In determining ESRD discharges, discharges in DRG Nos. 302, 316, and 317 

are excluded. The criteria for this additional payment are set forth in 

Sec. 412.104.

    (g) Hosptials that incur indirect costs for graduate medical 

education programs. CMS makes an additional payment for inpatient 

operating costs to a hospital for indirect medical education costs 

attributable to an approved graduate medical education program. The 

criteria for this additional payment are set forth in Sec. 412.105.

    (h) Hospitals that serve a disproportionate share of low-income 

patients. For discharges occurring on or after May 1,



[[Page 505]]



1986, CMS makes an additional payment for inpatient operating costs to 

hospitals that serve a disproportionate share of low-income patients. 

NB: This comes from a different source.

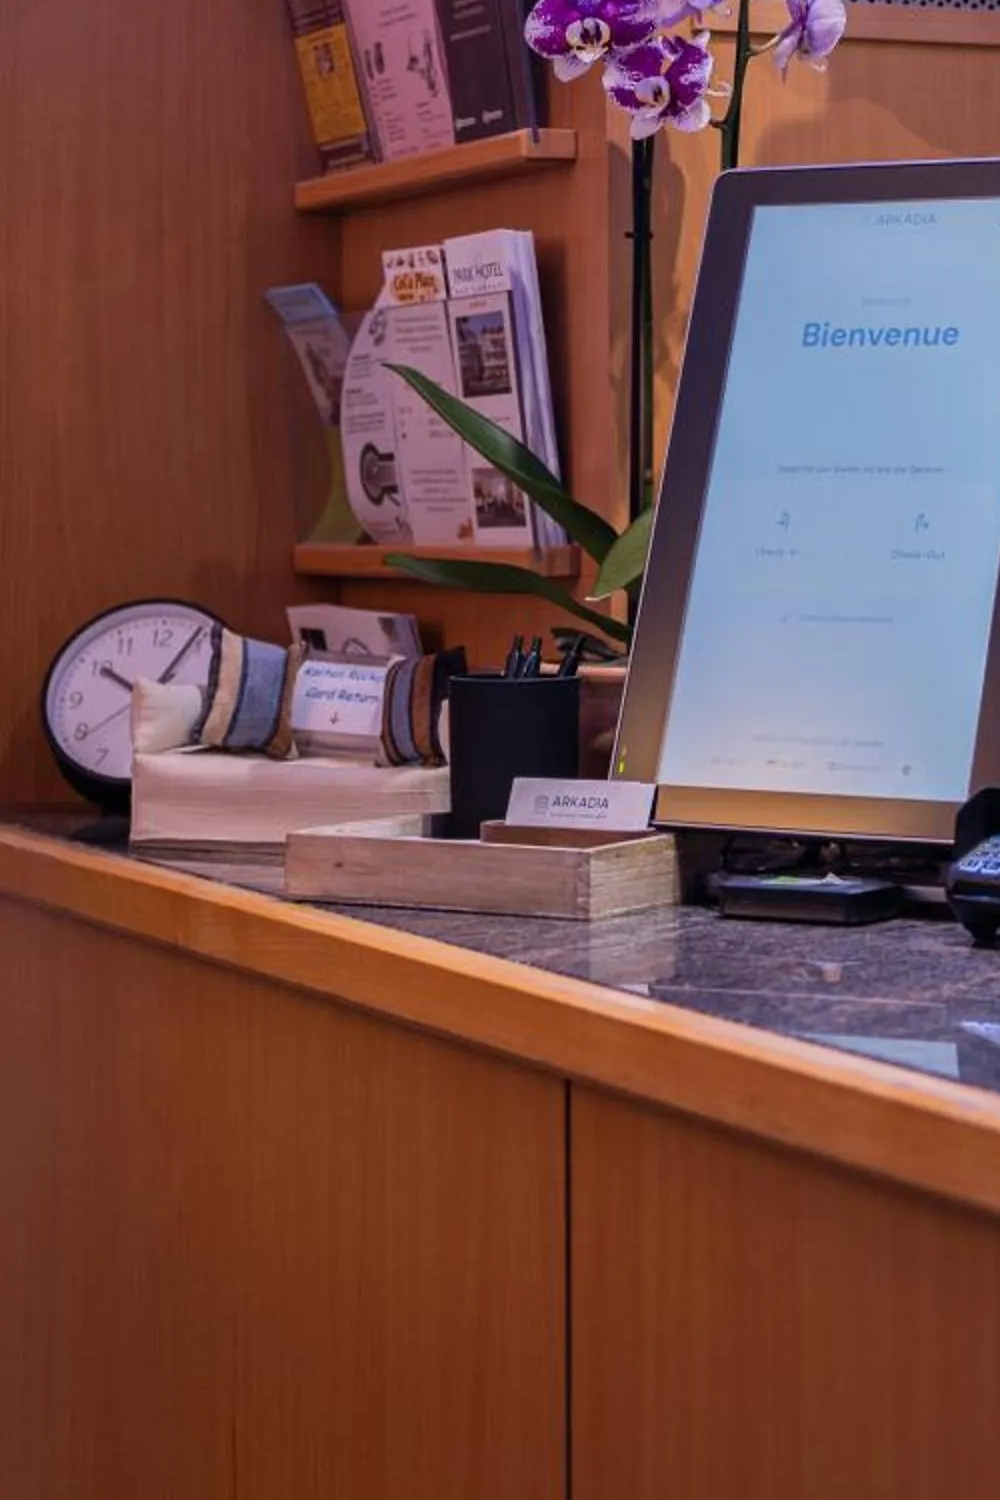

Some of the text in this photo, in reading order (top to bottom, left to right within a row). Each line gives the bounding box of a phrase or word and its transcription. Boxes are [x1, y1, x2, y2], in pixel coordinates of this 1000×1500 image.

The criteria for this additional payment are set forth in Sec. 412.106.

    (i) Hospitals that receive an additional update for FYs 1998 and 

1999. For FYs 1998 and 1999, CMS makes an upward adjustment to the 

standardized amounts for certain hospitals that do not receive indirect 

medical education or disproportionate share payments and are not 

Medicare- dependent, small rural hospitals. The criteria for identifying 

these hospitals are set forth in Sec. 412.107.

    (j) Medicare-dependent, small rural hospitals. For cost reporting 

periods beginning on or after April 1, 1990 and before October 1, 1994, 

or beginning on or after October 1, 1997 and before October 1, 2006, CMS 

adjusts the prospective payment rates for inpatient operating costs 

determined under subparts D and E of this part if a hospital is 

classified as a Medicare-dependent, small rural hospital.

    (k) Essential access community hospitals (EACHs). If a hospital was 

designated as an EACH by CMS as described in Sec. 412.109(a) and is 

located in a rural area as defined in Sec. 412.109(b), CMS determines 

the prospective payment rate for that hospital, as it does for sole 

community hospitals, under Sec. 412.92(d).



[57 FR 39823, Sept. 1, 1992, as amended at 58 FR 30669, May 26, 1993; 62 

FR 46028, Aug. 29, 1997; 64 FR 67051, Nov. 30, 1999; 65 FR 47047, Aug.